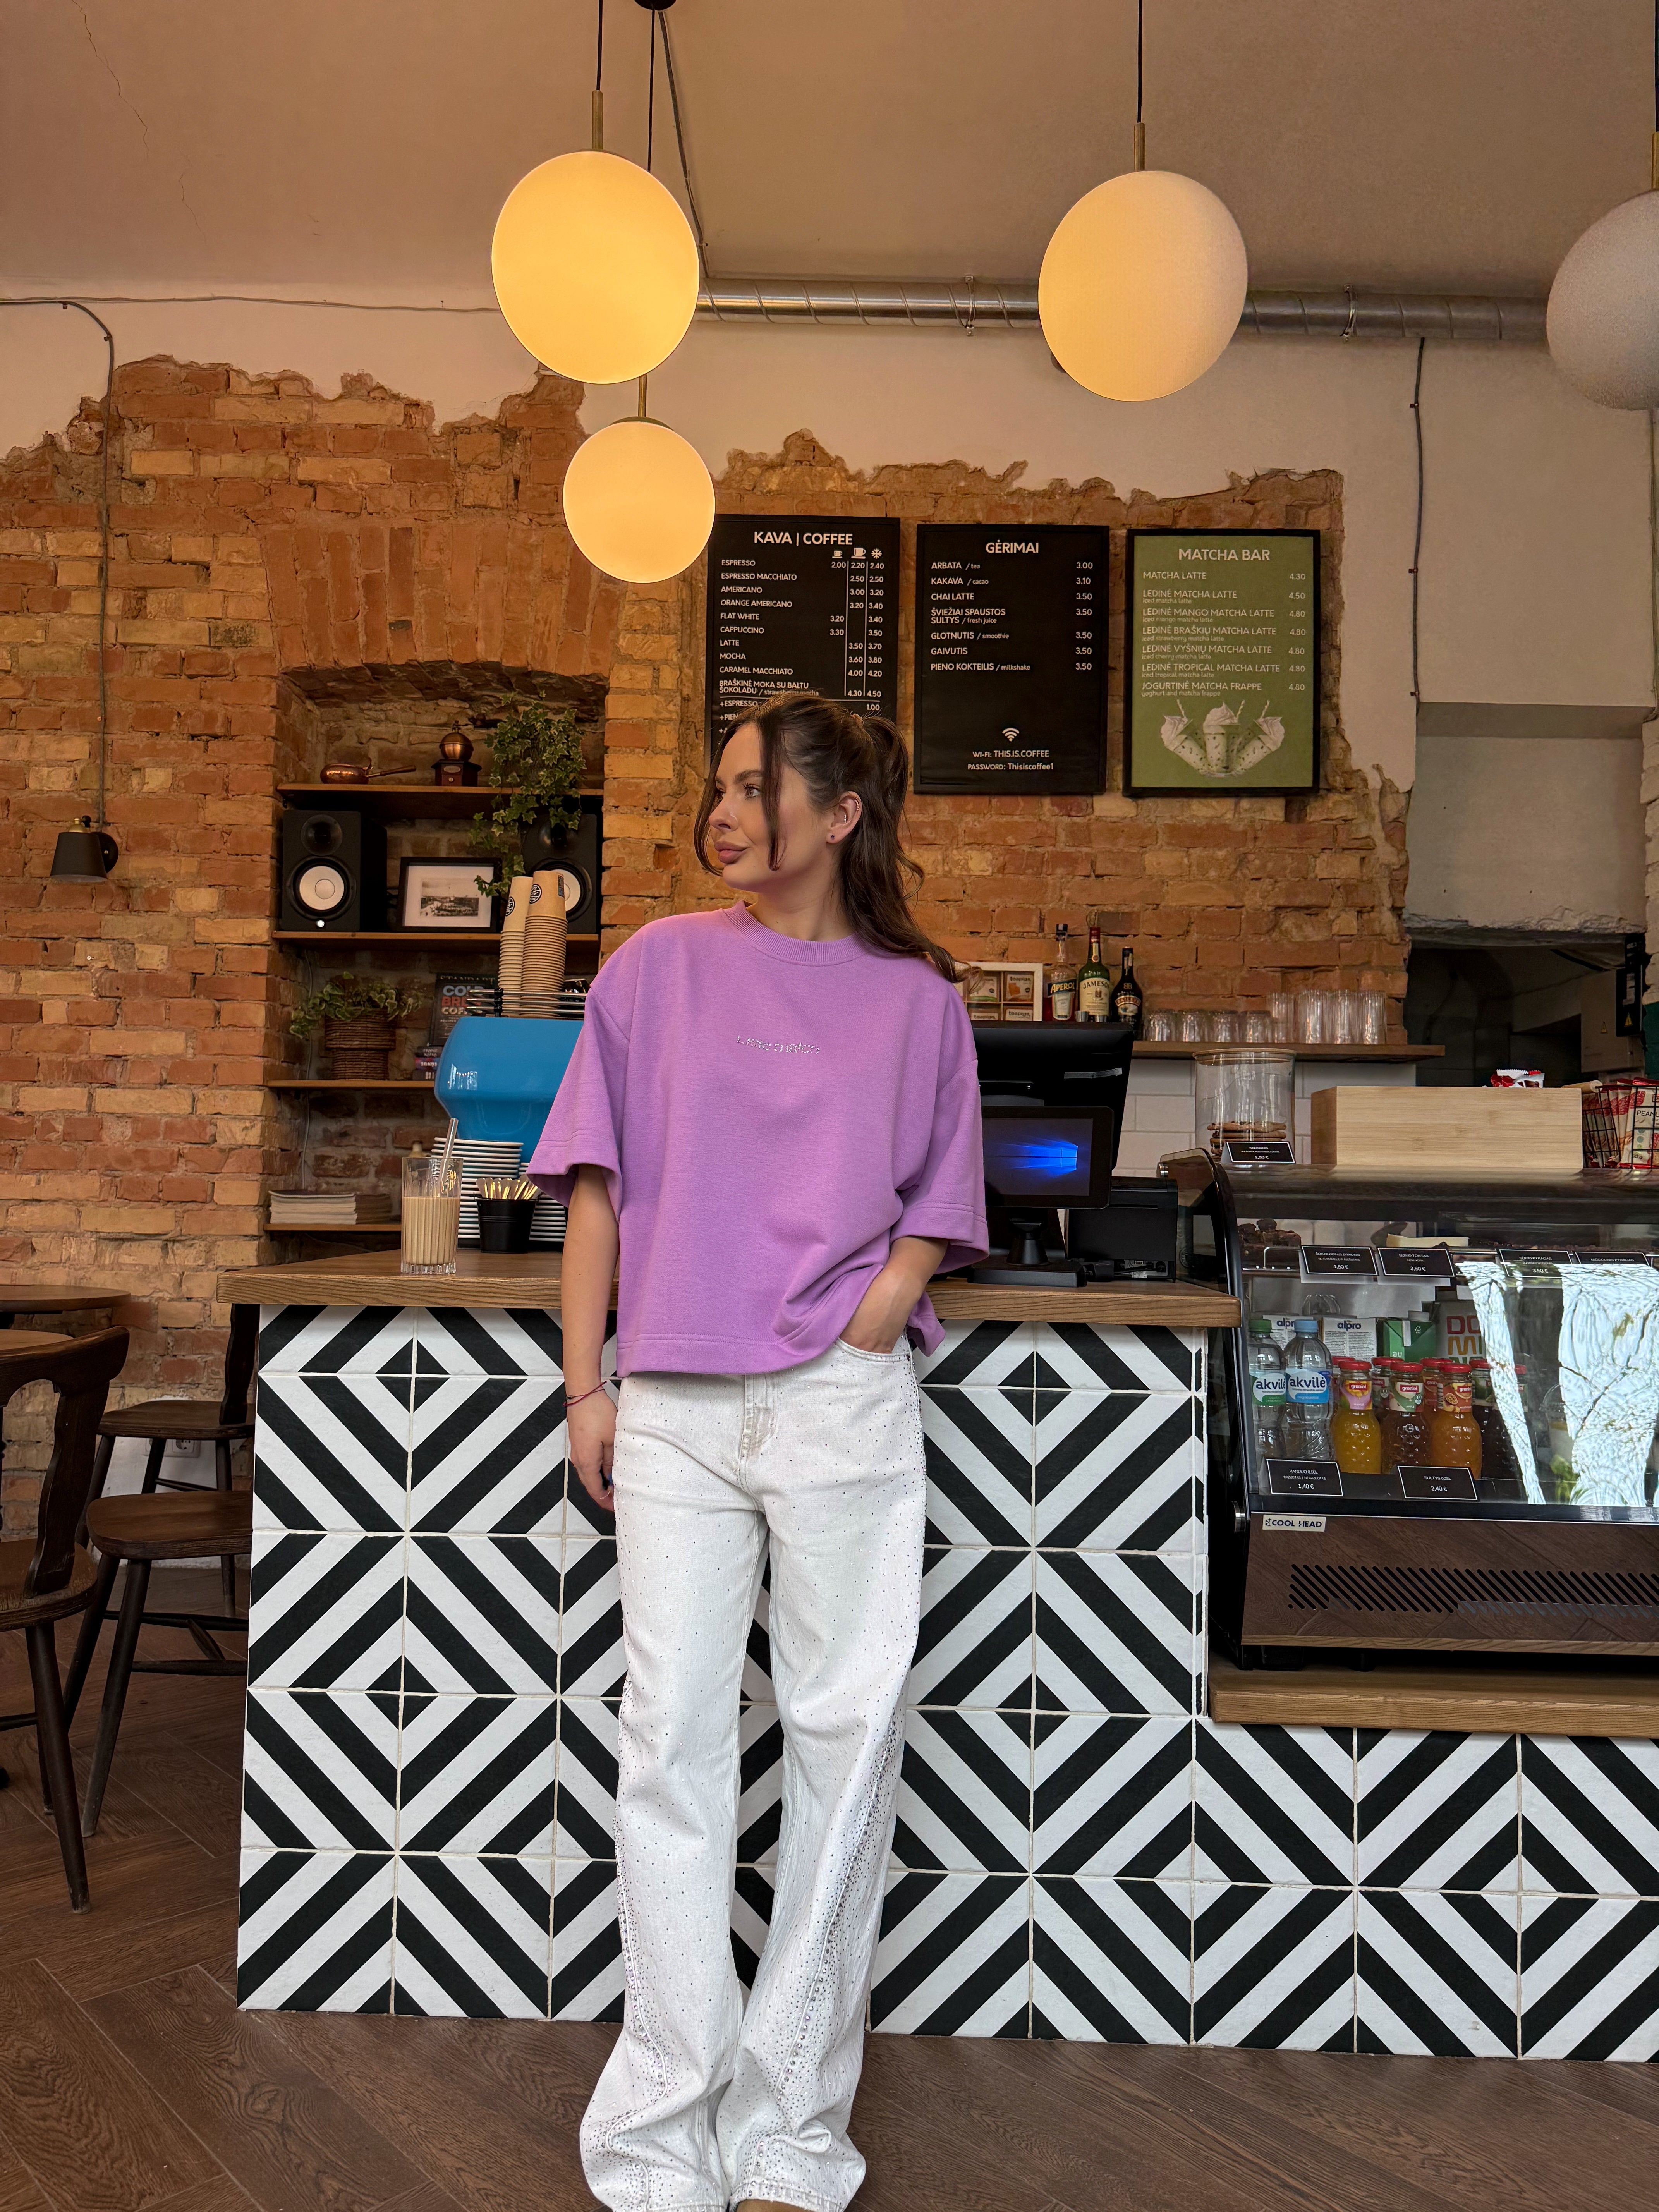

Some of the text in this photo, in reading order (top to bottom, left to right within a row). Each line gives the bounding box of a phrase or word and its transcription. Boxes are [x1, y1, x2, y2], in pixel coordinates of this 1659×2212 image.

[754, 532, 853, 545] KAVA COFFEE
[986, 539, 1039, 553] GĖRIMAI
[1179, 548, 1270, 560] MATCHA BAR
[1143, 588, 1171, 598] LEDINĖ
[931, 607, 963, 616] ŠVIEŽIAI
[1143, 607, 1171, 616] LEDINĖ
[1249, 609, 1274, 617] LATTE
[931, 616, 960, 624] SULTYS
[720, 626, 764, 634] CAPPUCCINO
[1143, 626, 1171, 635] LEDINĖ
[931, 632, 974, 640] GLOTNUTIS
[931, 647, 968, 655] GAIVUTIS
[1142, 643, 1171, 653] LEDINĖ
[1209, 645, 1245, 653] MATCHA
[1142, 662, 1171, 671] LEDINĖ
[1216, 664, 1253, 672] MATCHA
[719, 678, 752, 687] BRAŠKINĖ
[1192, 682, 1228, 690] MATCHA
[1230, 682, 1262, 690] FRAPPE
[443, 985, 484, 996] CO
[1051, 982, 1075, 993] APEROL
[441, 1007, 483, 1015] COF
[1276, 1318, 1295, 1329] alpr
[1337, 1320, 1361, 1331] alpro
[1256, 1378, 1286, 1389] akvilė
[1290, 1377, 1326, 1388] akvilė

- [WHAT YOU WILL DO]:
Without any pictures, retype the records above exactly.

- [THE ANSWER]:
Some of the text in this photo, in reading order (top to bottom, left to right within a row). Each line gives the bounding box of a phrase or word and its transcription. Boxes are [x1, y1, x2, y2], in pixel coordinates of this 1659×2212 image.

[754, 532, 853, 545] KAVA COFFEE
[986, 539, 1039, 553] GĖRIMAI
[1179, 548, 1270, 560] MATCHA BAR
[1143, 588, 1171, 598] LEDINĖ
[931, 607, 963, 616] ŠVIEŽIAI
[1143, 607, 1171, 616] LEDINĖ
[1249, 609, 1274, 617] LATTE
[931, 616, 960, 624] SULTYS
[720, 626, 764, 634] CAPPUCCINO
[1143, 626, 1171, 635] LEDINĖ
[931, 632, 974, 640] GLOTNUTIS
[931, 647, 968, 655] GAIVUTIS
[1142, 643, 1171, 653] LEDINĖ
[1209, 645, 1245, 653] MATCHA
[1142, 662, 1171, 671] LEDINĖ
[1216, 664, 1253, 672] MATCHA
[719, 678, 752, 687] BRAŠKINĖ
[1192, 682, 1228, 690] MATCHA
[1230, 682, 1262, 690] FRAPPE
[443, 985, 484, 996] CO
[1051, 982, 1075, 993] APEROL
[441, 1007, 483, 1015] COF
[1276, 1318, 1295, 1329] alpr
[1337, 1320, 1361, 1331] alpro
[1256, 1378, 1286, 1389] akvilė
[1290, 1377, 1326, 1388] akvilė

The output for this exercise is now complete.